Abstract The multi-copy phage resistance gene (mpr) of M. smegmatis is a major factor in resistance to the lytic mycobacteriophage D29. Mpr is a membrane-bound exonuclease that cleaves phage DNA post injection, hence blocking downstream stages in the phage infection cycle. The mechanism of resistance allows for adsorption, is non-abortive and independent of any mutation in the gene. Rather, it depends on overexpression of a wild type copy of the gene. However, the underlying factor behind mpr overexpression in spontaneous D29-resistant mutants of M. smegmatis remained elusive.

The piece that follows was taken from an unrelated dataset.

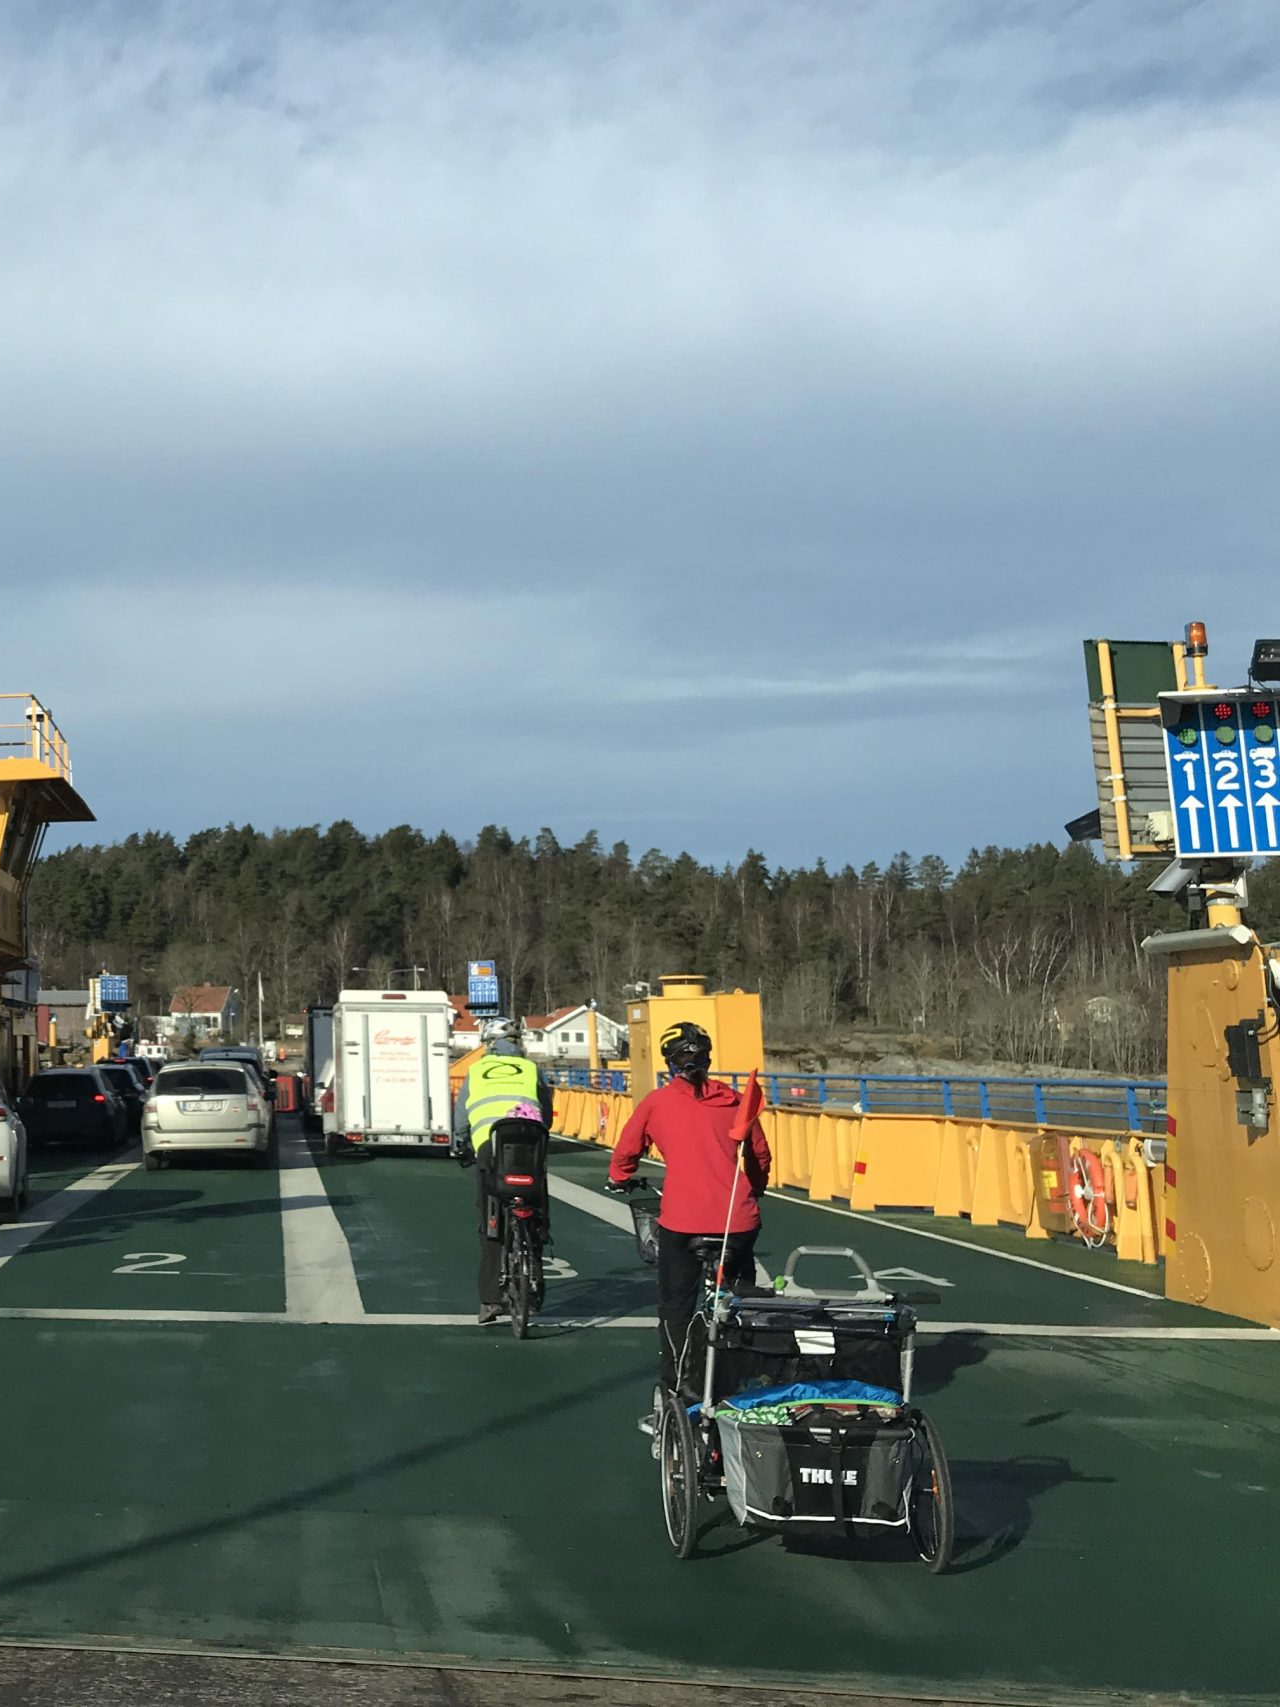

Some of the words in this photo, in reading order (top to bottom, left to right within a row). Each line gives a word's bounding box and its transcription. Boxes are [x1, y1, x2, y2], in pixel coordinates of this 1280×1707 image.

[1183, 761, 1196, 791] 1
[1214, 760, 1240, 790] 2
[1254, 759, 1276, 789] 3
[112, 1252, 187, 1274] 2
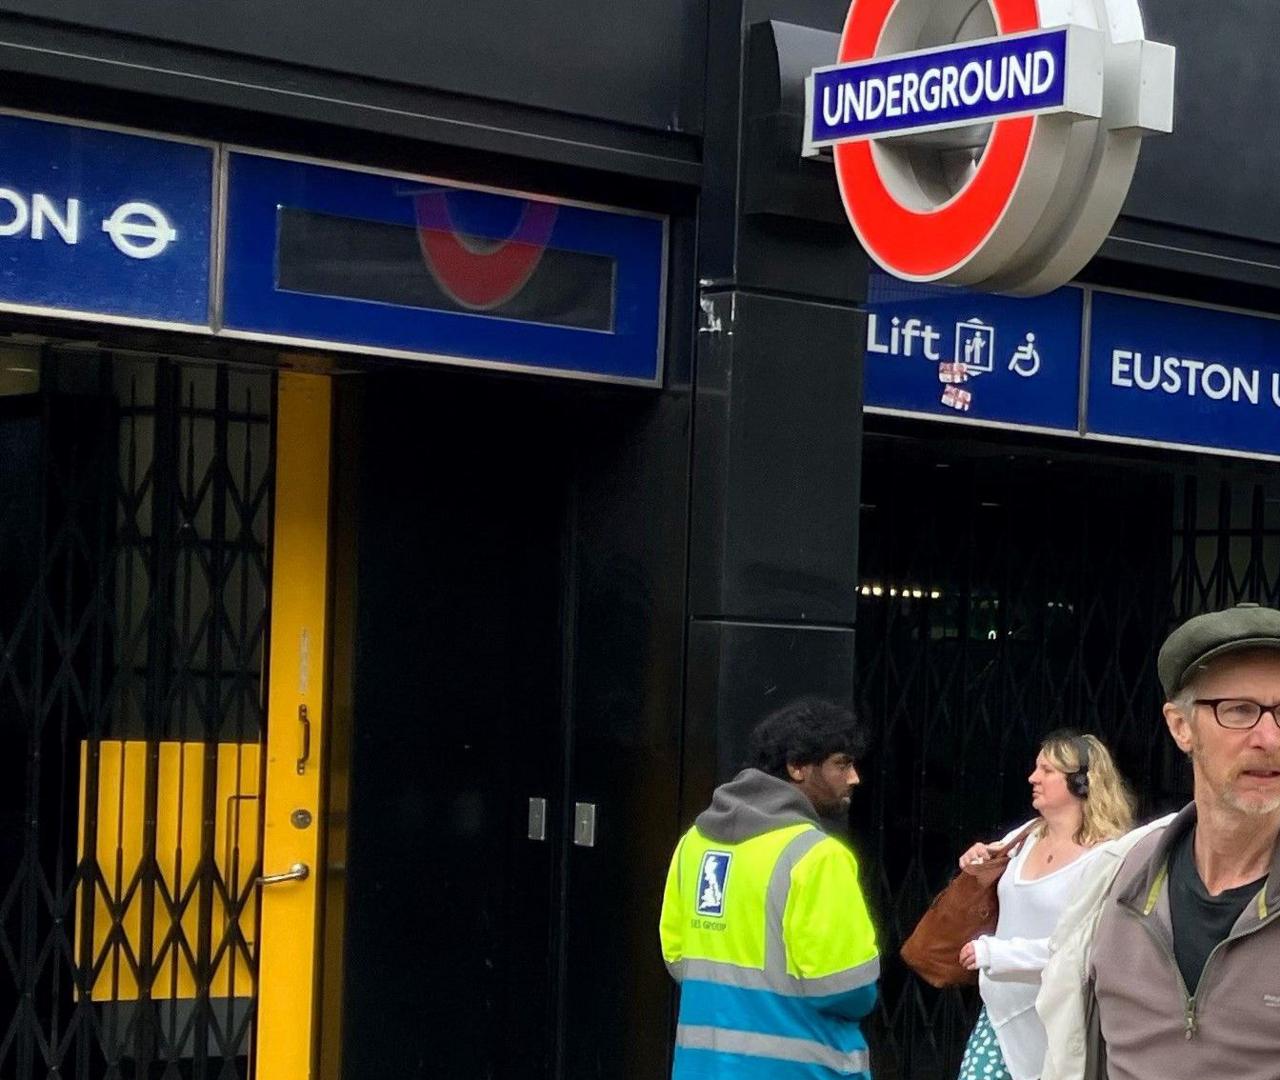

Here, we report that D29 infection triggers insertion sequence (IS) rearrangements, including the transposition and integration of IS6120 directly upstream of mpr. Mutants with IS6120 integration upstream of mpr show highly elevated Mpr expression. Whole genome sequence analysis reveals that IS6120 introduced a putative transcription factor-binding site and a canonical -35 promoter element at the integration site, hence reconstituting a fuller promoter (rcp) than the original promoter (wtp) at the site. Promoter reporter assays suggest that rcp is a far stronger promoter than wtp, implying that elevated mpr expression in D29-resistant mutants with this transposition event could be due to promoter reconstitution. While strains with this transposition event appear to grow normally, rcp-driven, vector-borne Mpr overexpression appears to be toxic as it barely allows for colony formation on agar plates. This study reports a previously unknown factor likely behind mpr regulation in M. smegmatis, adding to the existing knowledge of mycobacterial anti-phage defense mechanisms and guiding rational phage engineering efforts for therapeutic applications. Competing Interest Statement The authors have declared no competing interest. Footnotes This version of the manuscript has been revised to improve figure clarity and visibility.